- [What is required]
Would you transcribe the whole listing exactly, minus its pictures?

----------

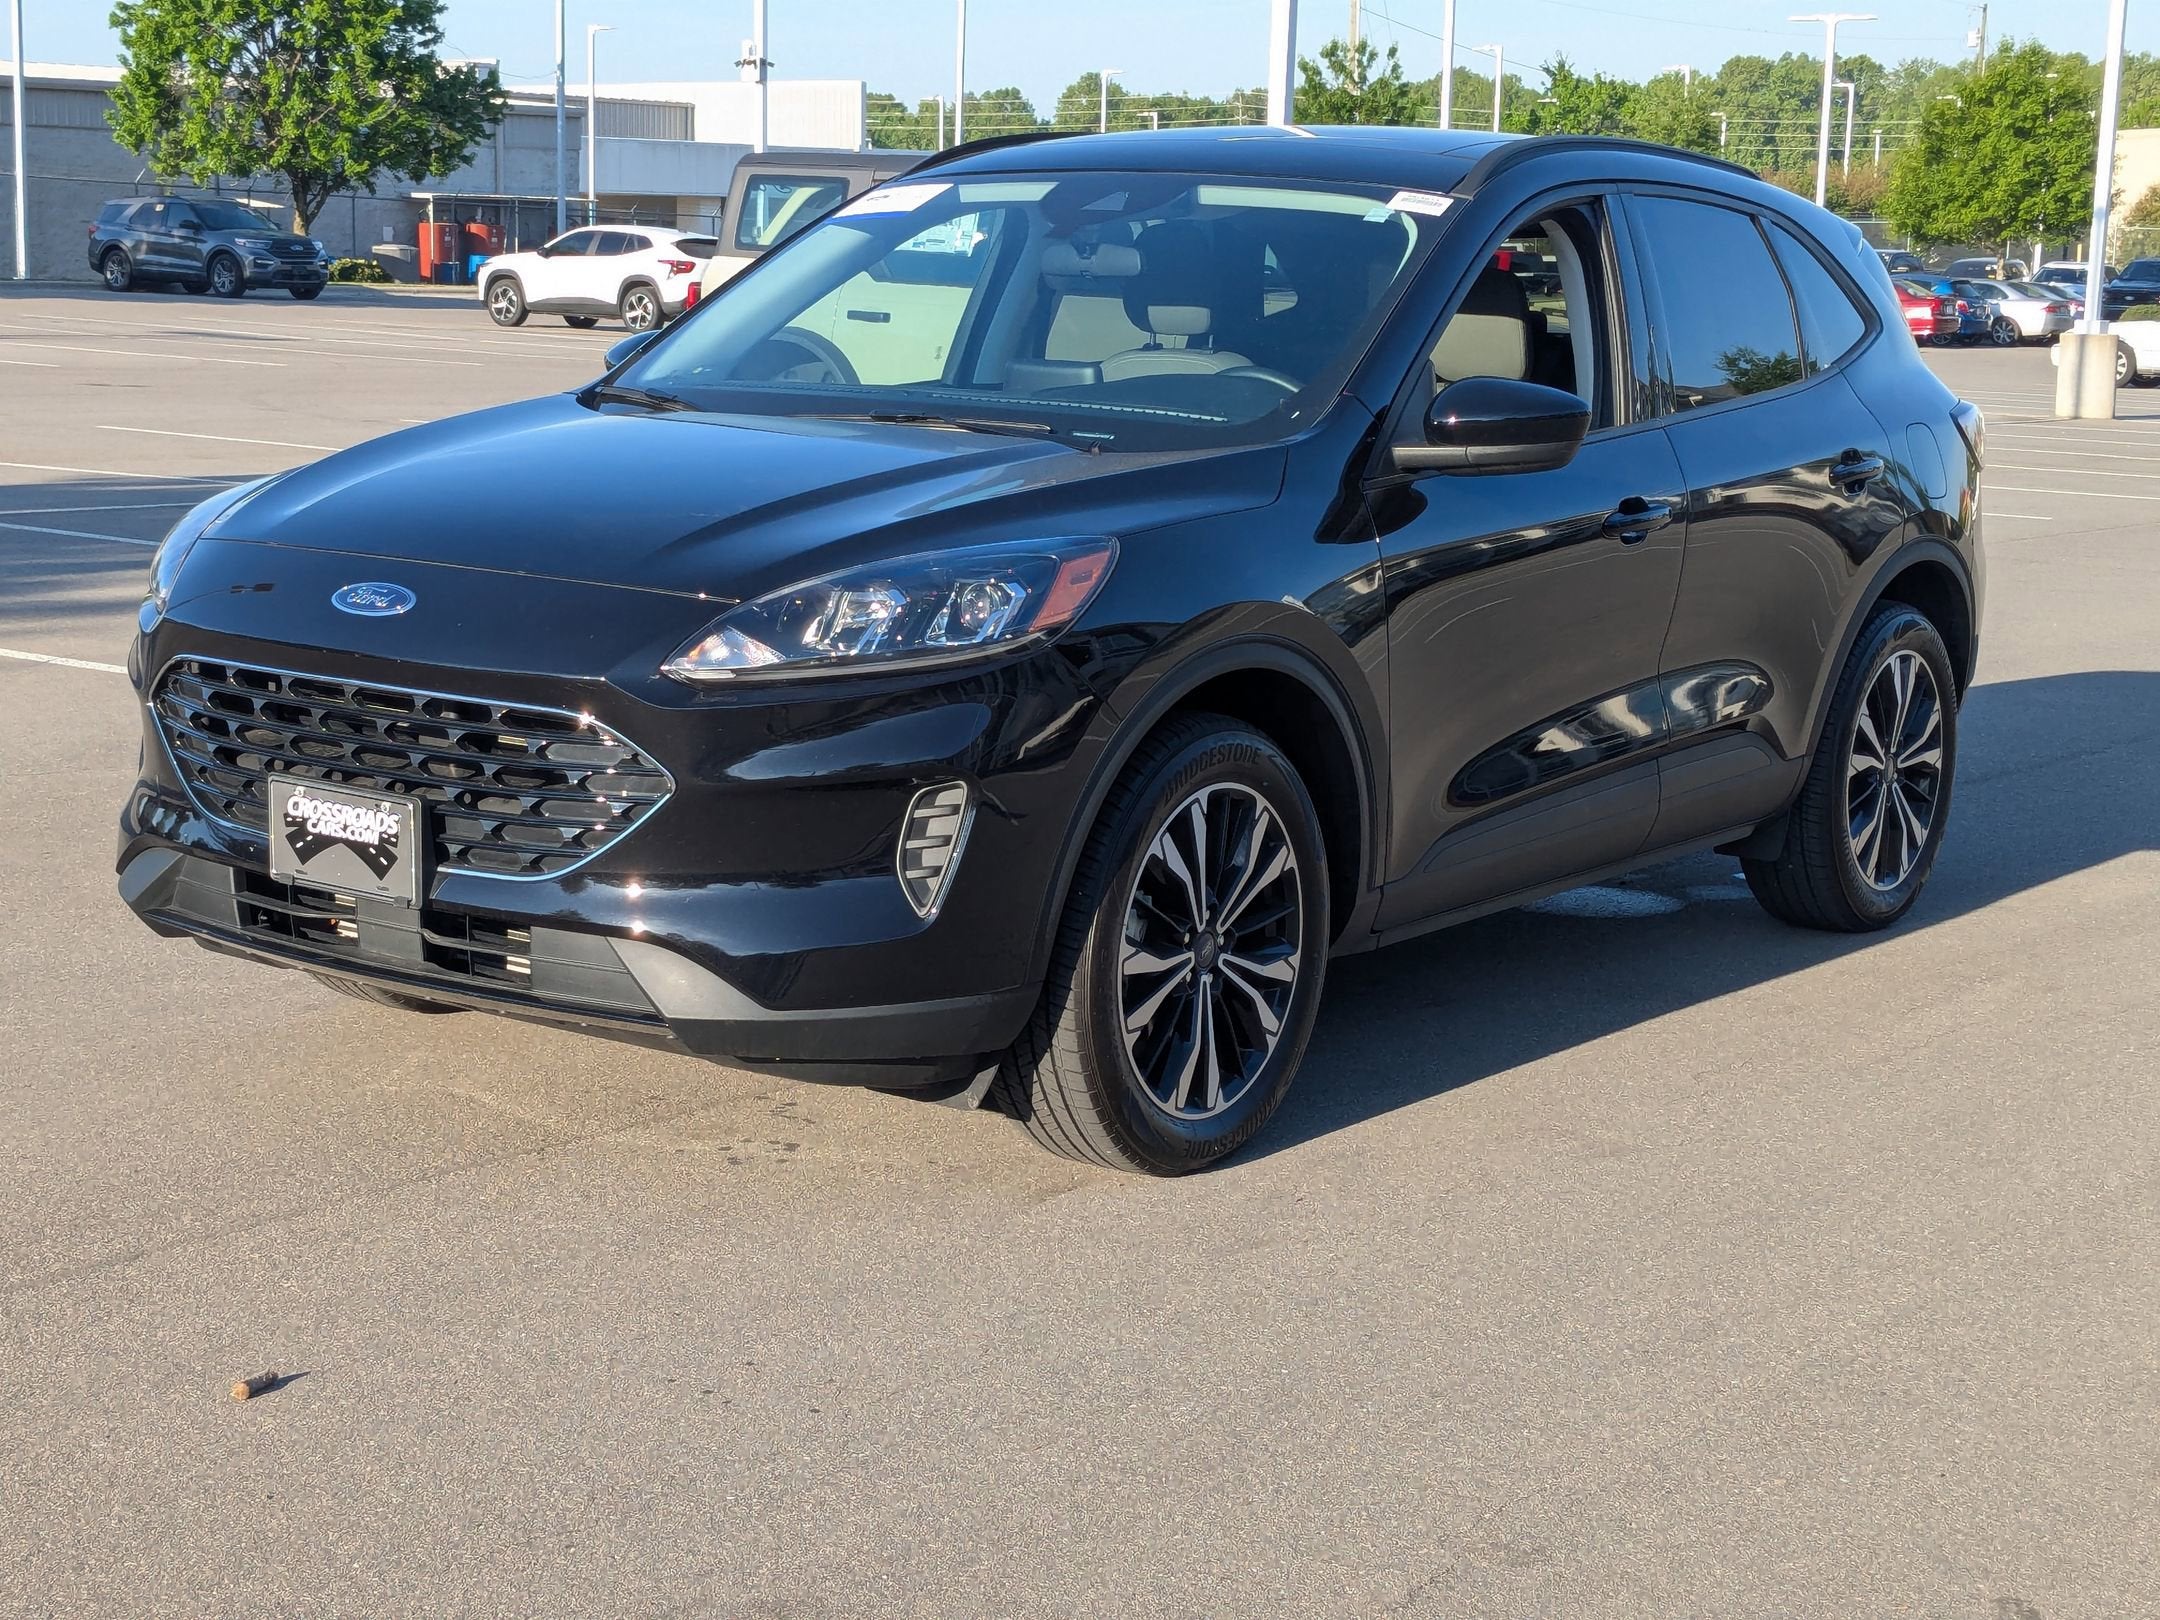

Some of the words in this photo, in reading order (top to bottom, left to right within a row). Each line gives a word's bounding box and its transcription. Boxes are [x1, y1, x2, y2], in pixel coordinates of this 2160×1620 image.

[346, 586, 396, 607] Ford
[1164, 742, 1262, 803] BRIDGESTONE
[286, 795, 400, 835] CROSSROADS
[306, 818, 380, 845] CARS.COM
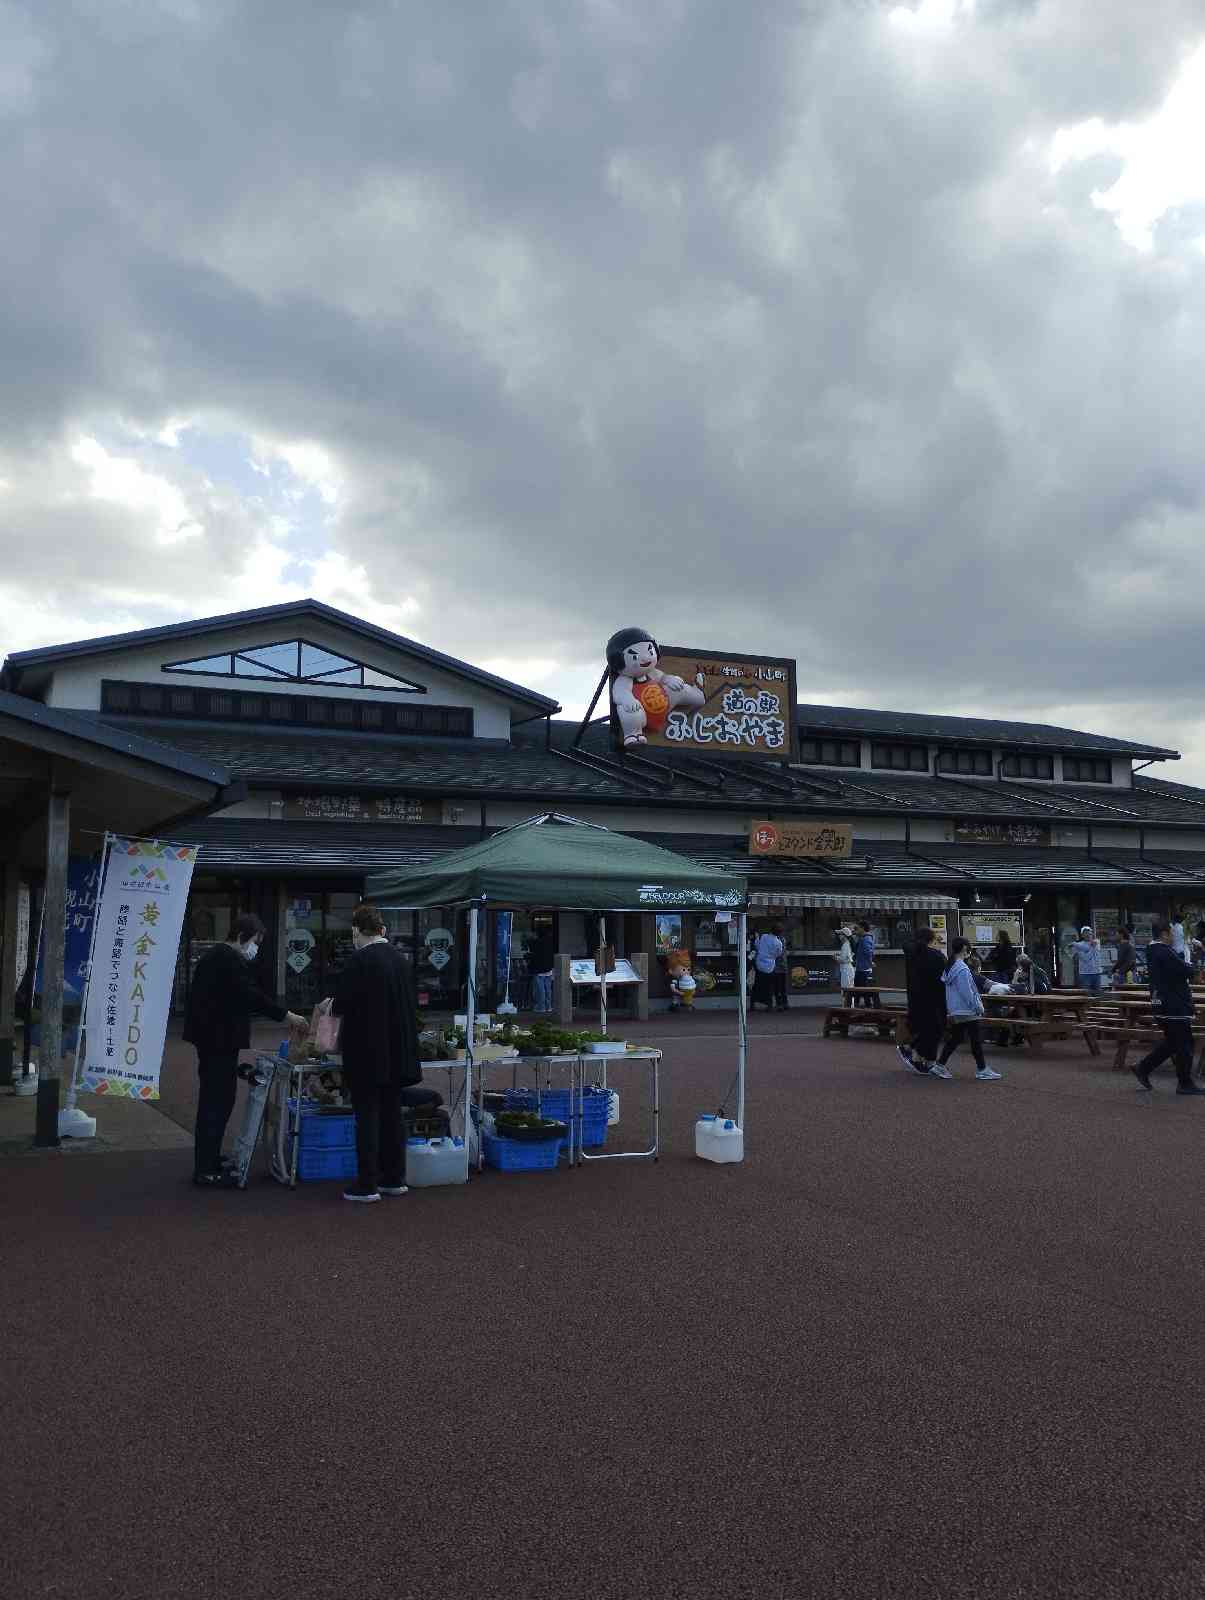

----------

- [Reply to the task]
Some of the words in this photo, in reading order (top to bottom, left to right within a row). Each line gives a word's bounding box and its transcription. Boxes are [x1, y1, x2, y2], in pixel coordinates of this 2160×1620 image.

[346, 586, 396, 607] Ford
[1164, 742, 1262, 803] BRIDGESTONE
[286, 795, 400, 835] CROSSROADS
[306, 818, 380, 845] CARS.COM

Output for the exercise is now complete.